The study is titled ALICE, which stands for Asset Limited, Income Constrained, Employed; it shows that more than 40 percent of Marion County residents live above the federal poverty line but do not earn enough to afford the area’s cost of living and are one unexpected disaster away from finanical calamity.
Forty-three percent of Keizer’s 13,500 households fall into the ALICE and poverty income levels. According to the study a household in Marion County with two adults, one infant and one preschooler needs to gross a bit more than $51,000 annually to afford the bare minimums. That might sound like a nice income, but it is for a family of four. The average monthly expenditures for a family that size is more than $4,000.
Any of us should be able to understand the vicarious of that situation; we have all lived through the Great Recession, many losing jobs and many more losing their homes to foreclosure.
Every family can tell their unique story of how the recession affected them, regardless of income. The recession increased reliance on government programs (SNAP and unemployment benefts, for two). People say the recent economic conditions laid bare the reality of income inequality, which will be one of the main issues of this year’s presidential campaigns.

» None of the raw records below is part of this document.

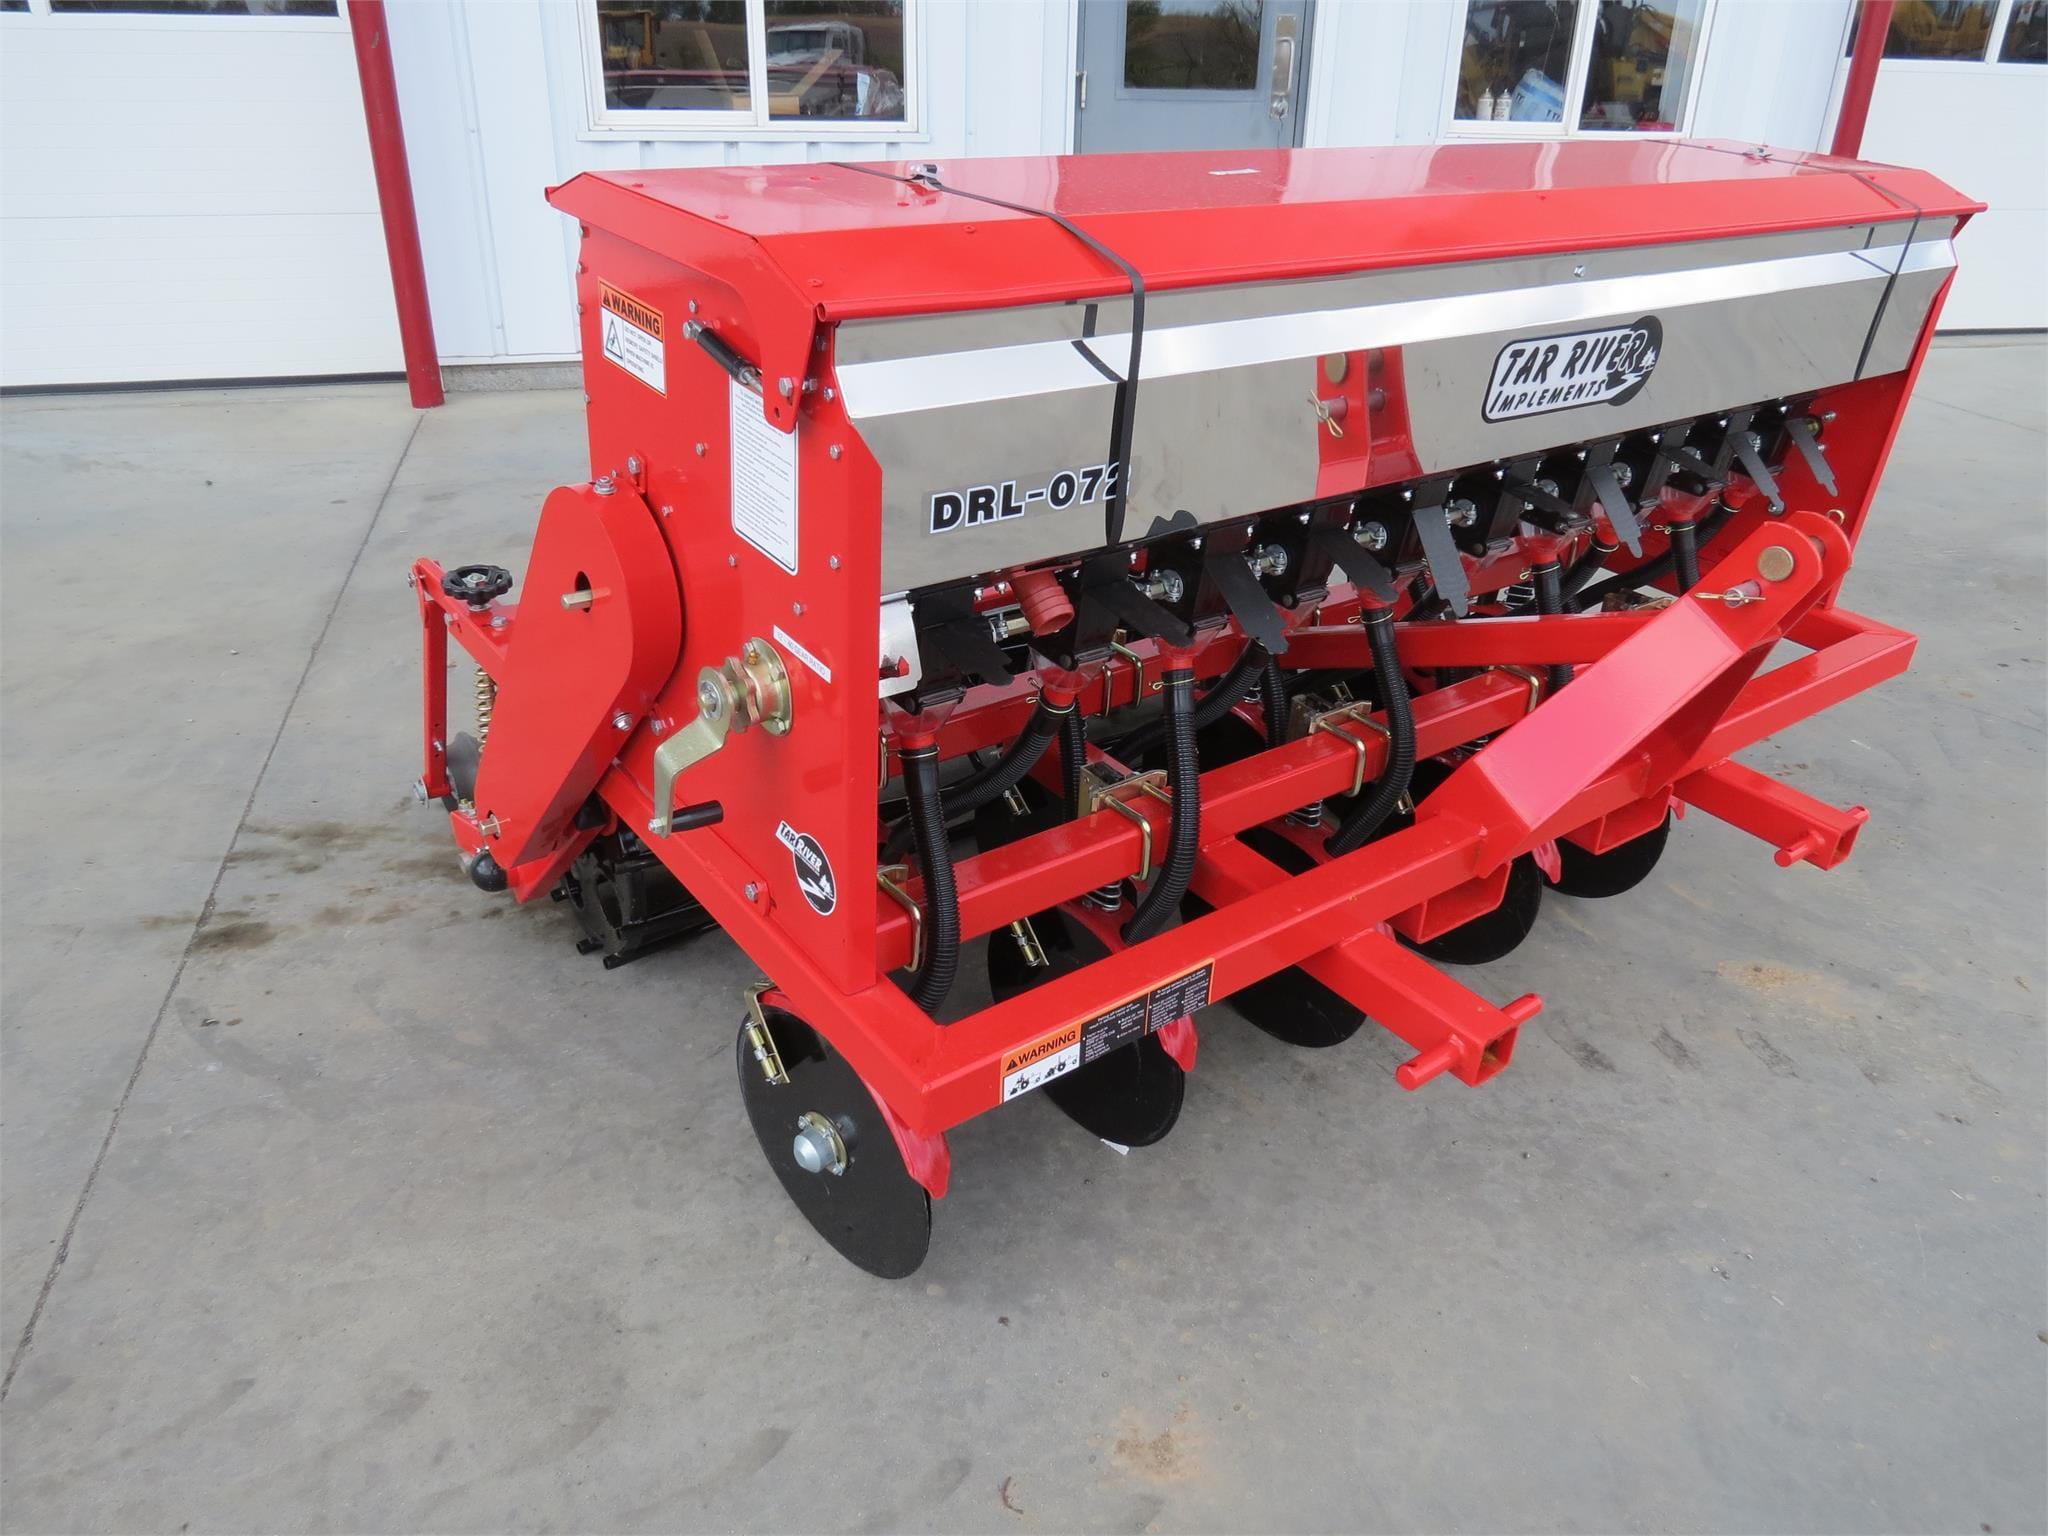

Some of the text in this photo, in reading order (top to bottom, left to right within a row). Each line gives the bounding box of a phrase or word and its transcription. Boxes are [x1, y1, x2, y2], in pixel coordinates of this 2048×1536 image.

[611, 294, 660, 335] WARNING
[1499, 329, 1649, 387] TAR RIVER
[1488, 378, 1608, 414] IMPLEMENTS
[930, 462, 1132, 533] DRL-072
[780, 822, 796, 846] TAR
[796, 838, 822, 872] RIVER
[1018, 1030, 1076, 1065] WARNING

Protests such as the Occupy encampments allowed people to rail against the so-called 1 percent and demand more equal income which led to calls for an increase in the minimum wage across the country. In Oregon that demand is fostering fierce debate, pitting big cities against rural communities, progressives against conservatives and business against workers.
At $9.25 per hour, Oregon has the second highest minimum wage in the nation (behind Washington); the federal minimum hourly wage is $7.25. Gov. Kate Brown is proposing a two-tier minimum wage (one for the Portland and one of the rest of the state. That is unfair; there should be one wage state-wide. Will an increase in the minimum wage help every household in the ALICE category? Probably not. Households at the ALICE level unfortunately are not eligible for most government programs that require a income maximum for assistance.
Why should households that are doing economically well care about the ALICE report and the households at that level? Because those households are part of our community. A desirable place to live is only as strong as the neediest of our citizens. The trend of conservative states slashing public programs and assistance is troubling. It’s almost like the leaders of those states are saying “We’ve got ours, you get yours.”
A small percentage of recepients of assistance might gloat about being on the dole and not having to work, but we suspect most people who need to seek government help do so under duress. They seek a hand up, not a hand out.
The best answer for decreasing households at the ALICE level in our area is action not talk. This report from Rutgers should not be an invitation to our public officials to pile on with their own reports.
The best thing our public officials can do is focus on economic development—recruiting jobs whose wages can support a family; cut bureauracy and rules that impede the delivery of assistance; and, know the resources available. Again there are dozens of organizations in our area whose mission is to aid those less fortunate.
Let’s lessen the hand outs and extend a hand up. Every family is responsible for its own success but as the recession showed us, sometimes outside forces control our fates.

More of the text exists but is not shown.